Content starts

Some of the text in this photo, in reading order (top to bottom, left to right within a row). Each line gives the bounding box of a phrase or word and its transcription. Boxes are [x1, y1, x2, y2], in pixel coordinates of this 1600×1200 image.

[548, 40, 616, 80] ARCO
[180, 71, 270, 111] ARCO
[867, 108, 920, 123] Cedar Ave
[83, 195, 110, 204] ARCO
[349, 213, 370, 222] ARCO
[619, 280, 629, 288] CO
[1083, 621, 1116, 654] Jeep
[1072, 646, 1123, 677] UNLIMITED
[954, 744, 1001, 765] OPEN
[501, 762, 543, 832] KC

Content ends
Content starts

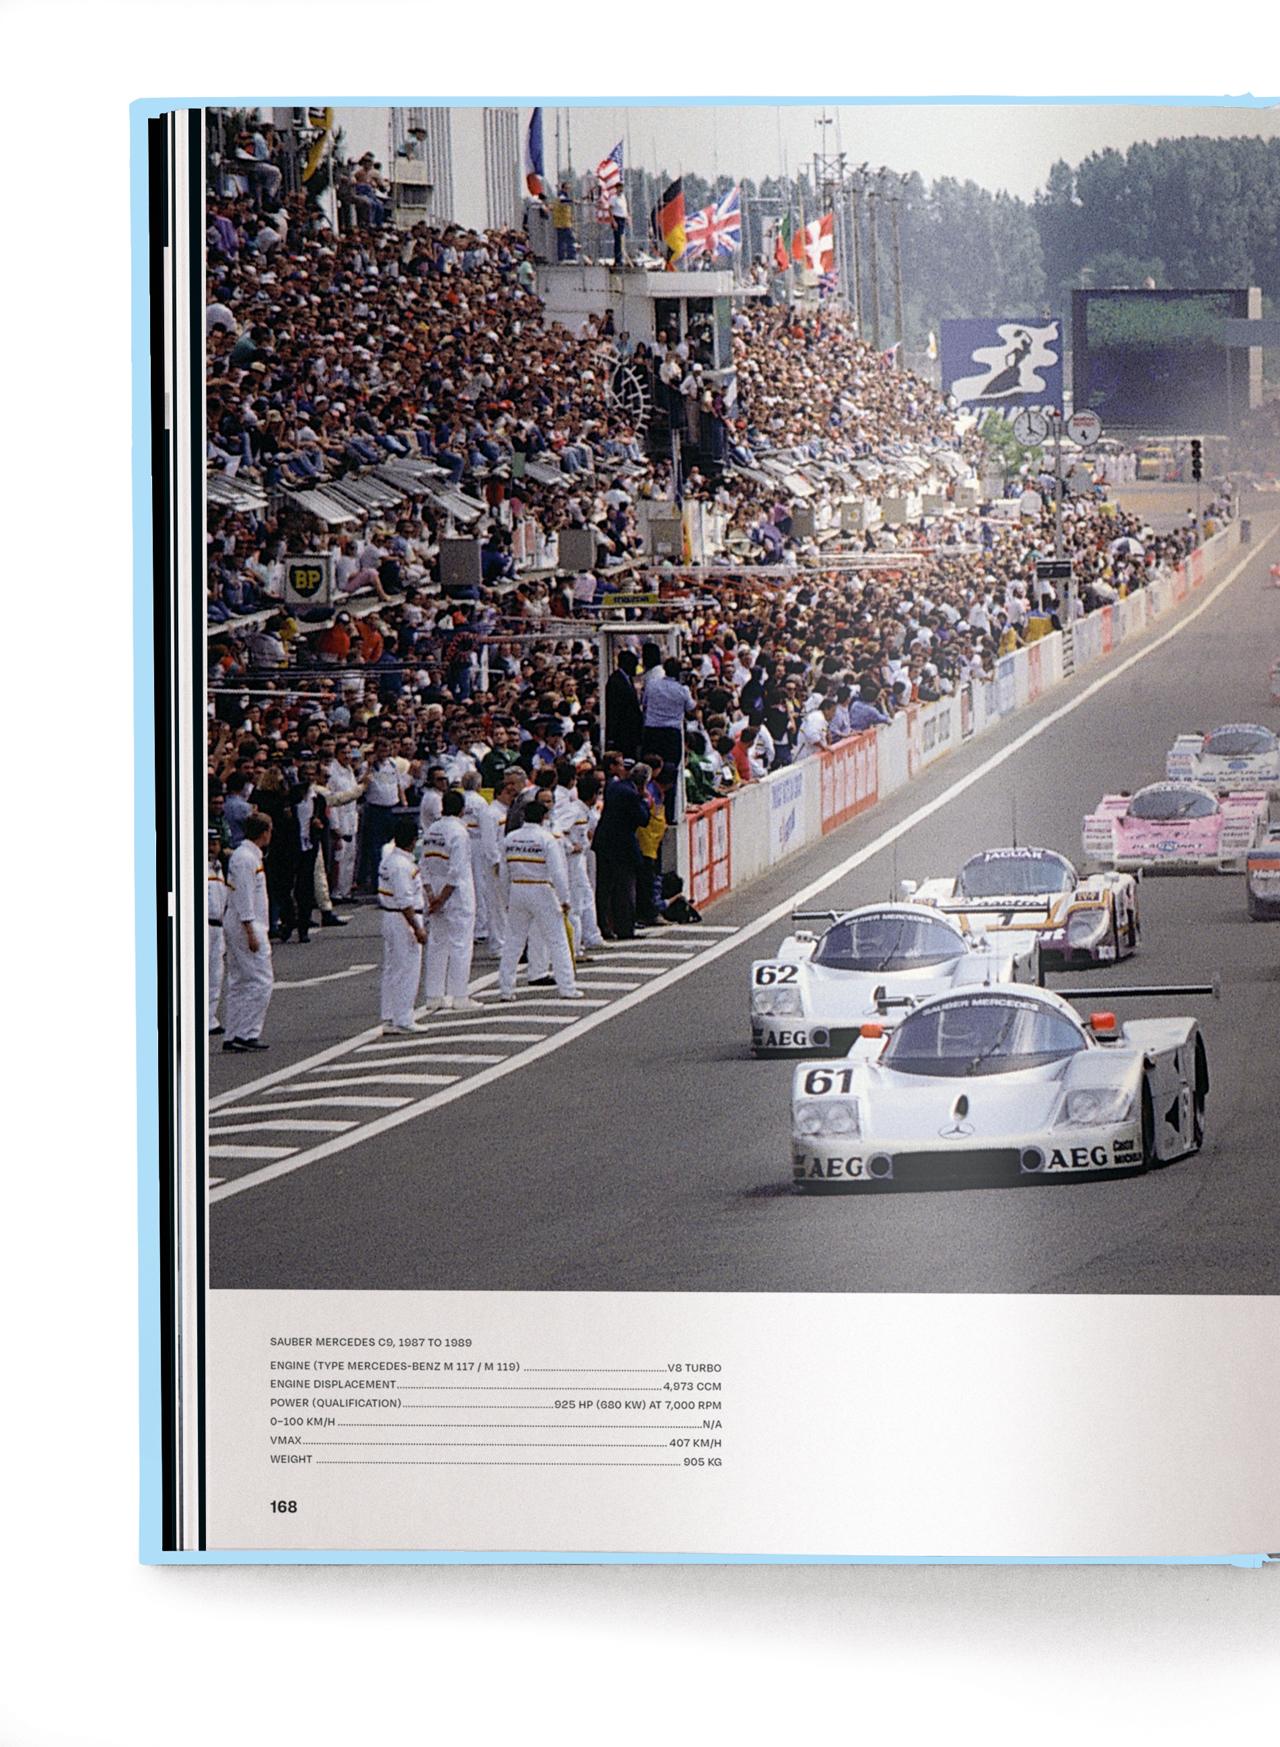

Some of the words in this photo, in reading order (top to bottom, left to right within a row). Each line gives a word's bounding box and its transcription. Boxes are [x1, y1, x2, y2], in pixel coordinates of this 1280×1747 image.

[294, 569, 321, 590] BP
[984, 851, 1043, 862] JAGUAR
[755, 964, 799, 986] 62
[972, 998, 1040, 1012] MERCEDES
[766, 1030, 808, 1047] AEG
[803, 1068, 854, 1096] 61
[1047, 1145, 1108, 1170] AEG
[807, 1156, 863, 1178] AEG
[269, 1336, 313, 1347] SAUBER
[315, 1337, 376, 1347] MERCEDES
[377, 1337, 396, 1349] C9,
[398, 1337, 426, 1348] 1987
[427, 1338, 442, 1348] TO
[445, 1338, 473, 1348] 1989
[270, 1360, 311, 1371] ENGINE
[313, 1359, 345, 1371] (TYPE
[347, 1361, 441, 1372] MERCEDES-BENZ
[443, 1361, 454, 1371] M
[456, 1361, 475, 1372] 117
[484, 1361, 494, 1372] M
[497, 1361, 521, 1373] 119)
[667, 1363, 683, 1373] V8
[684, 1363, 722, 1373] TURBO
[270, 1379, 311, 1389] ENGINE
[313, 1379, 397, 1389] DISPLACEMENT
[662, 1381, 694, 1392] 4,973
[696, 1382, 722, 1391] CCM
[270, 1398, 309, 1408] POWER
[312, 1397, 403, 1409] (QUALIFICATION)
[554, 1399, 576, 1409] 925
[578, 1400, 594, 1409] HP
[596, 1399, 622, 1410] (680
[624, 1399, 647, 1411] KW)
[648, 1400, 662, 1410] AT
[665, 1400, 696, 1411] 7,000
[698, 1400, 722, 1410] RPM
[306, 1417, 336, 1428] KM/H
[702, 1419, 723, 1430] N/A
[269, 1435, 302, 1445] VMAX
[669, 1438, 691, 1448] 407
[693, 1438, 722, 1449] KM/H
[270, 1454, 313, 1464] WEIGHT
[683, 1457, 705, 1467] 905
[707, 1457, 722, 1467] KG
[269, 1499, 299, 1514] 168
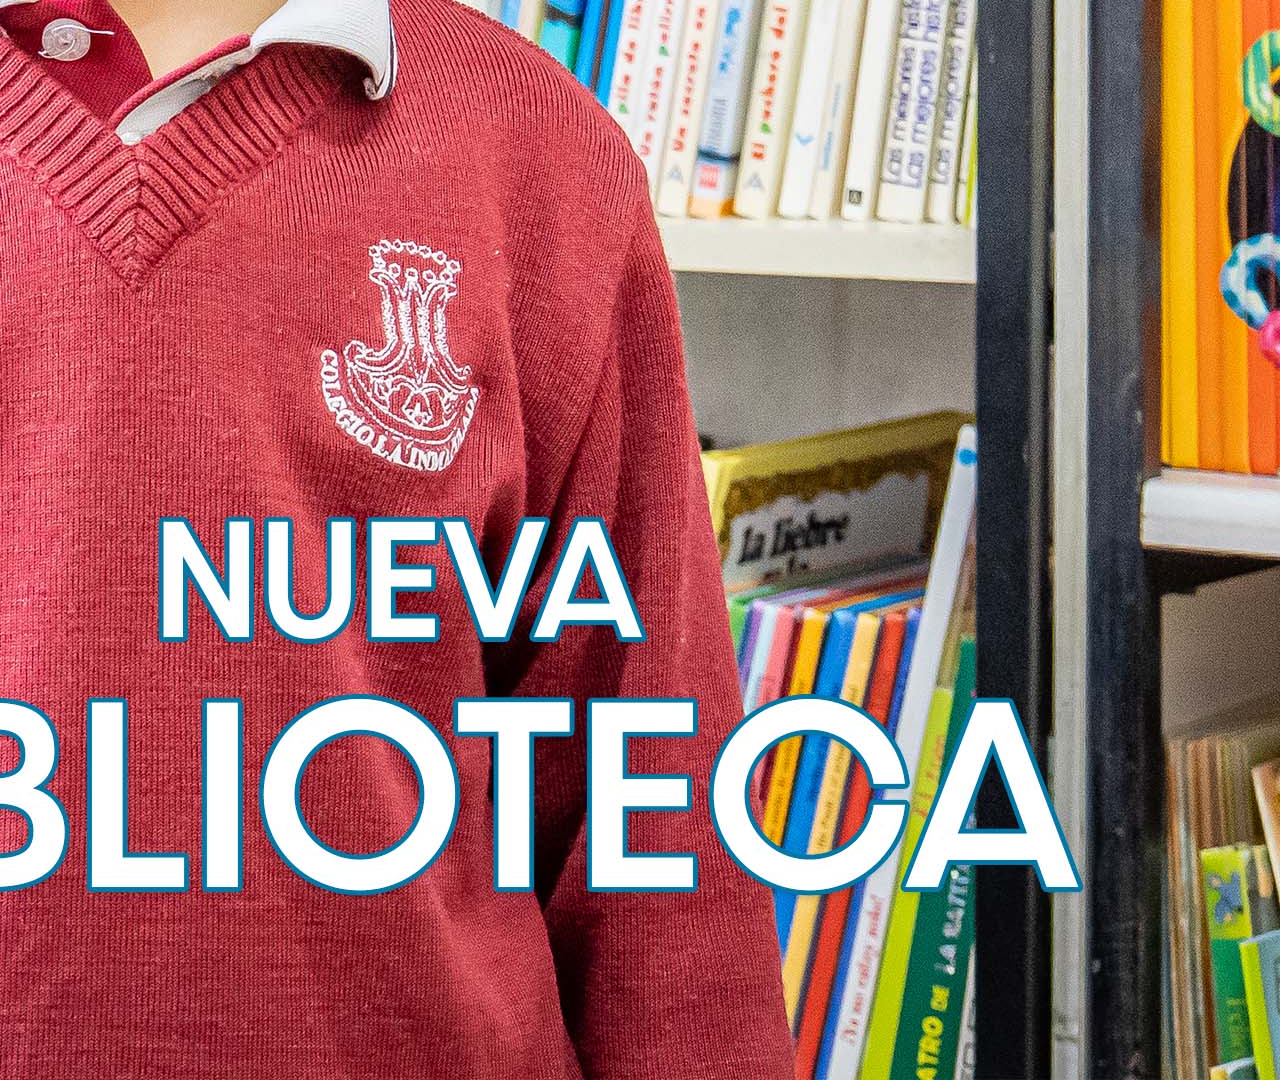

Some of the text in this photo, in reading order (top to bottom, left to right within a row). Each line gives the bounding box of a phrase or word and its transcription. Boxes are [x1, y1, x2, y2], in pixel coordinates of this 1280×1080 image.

Content ends

**About this exercise:** Output only the lines above from the line that holds "Some of the words" through the line that holds "this 1280×1080 image.", both ends included, and exclude pictures.

**Written response:**
Some of the words in this photo, in reading order (top to bottom, left to right within a row). Each line gives a word's bounding box and its transcription. Boxes are [x1, y1, x2, y2], in pixel coordinates of this 1280×1747 image.

[294, 569, 321, 590] BP
[984, 851, 1043, 862] JAGUAR
[755, 964, 799, 986] 62
[972, 998, 1040, 1012] MERCEDES
[766, 1030, 808, 1047] AEG
[803, 1068, 854, 1096] 61
[1047, 1145, 1108, 1170] AEG
[807, 1156, 863, 1178] AEG
[269, 1336, 313, 1347] SAUBER
[315, 1337, 376, 1347] MERCEDES
[377, 1337, 396, 1349] C9,
[398, 1337, 426, 1348] 1987
[427, 1338, 442, 1348] TO
[445, 1338, 473, 1348] 1989
[270, 1360, 311, 1371] ENGINE
[313, 1359, 345, 1371] (TYPE
[347, 1361, 441, 1372] MERCEDES-BENZ
[443, 1361, 454, 1371] M
[456, 1361, 475, 1372] 117
[484, 1361, 494, 1372] M
[497, 1361, 521, 1373] 119)
[667, 1363, 683, 1373] V8
[684, 1363, 722, 1373] TURBO
[270, 1379, 311, 1389] ENGINE
[313, 1379, 397, 1389] DISPLACEMENT
[662, 1381, 694, 1392] 4,973
[696, 1382, 722, 1391] CCM
[270, 1398, 309, 1408] POWER
[312, 1397, 403, 1409] (QUALIFICATION)
[554, 1399, 576, 1409] 925
[578, 1400, 594, 1409] HP
[596, 1399, 622, 1410] (680
[624, 1399, 647, 1411] KW)
[648, 1400, 662, 1410] AT
[665, 1400, 696, 1411] 7,000
[698, 1400, 722, 1410] RPM
[306, 1417, 336, 1428] KM/H
[702, 1419, 723, 1430] N/A
[269, 1435, 302, 1445] VMAX
[669, 1438, 691, 1448] 407
[693, 1438, 722, 1449] KM/H
[270, 1454, 313, 1464] WEIGHT
[683, 1457, 705, 1467] 905
[707, 1457, 722, 1467] KG
[269, 1499, 299, 1514] 168

Some of the text in this photo, in reading order (top to bottom, left to right within a row). Each line gives the bounding box of a phrase or word and its transcription. Boxes are [x1, y1, x2, y2], in pixel coordinates of this 1280×1080 image.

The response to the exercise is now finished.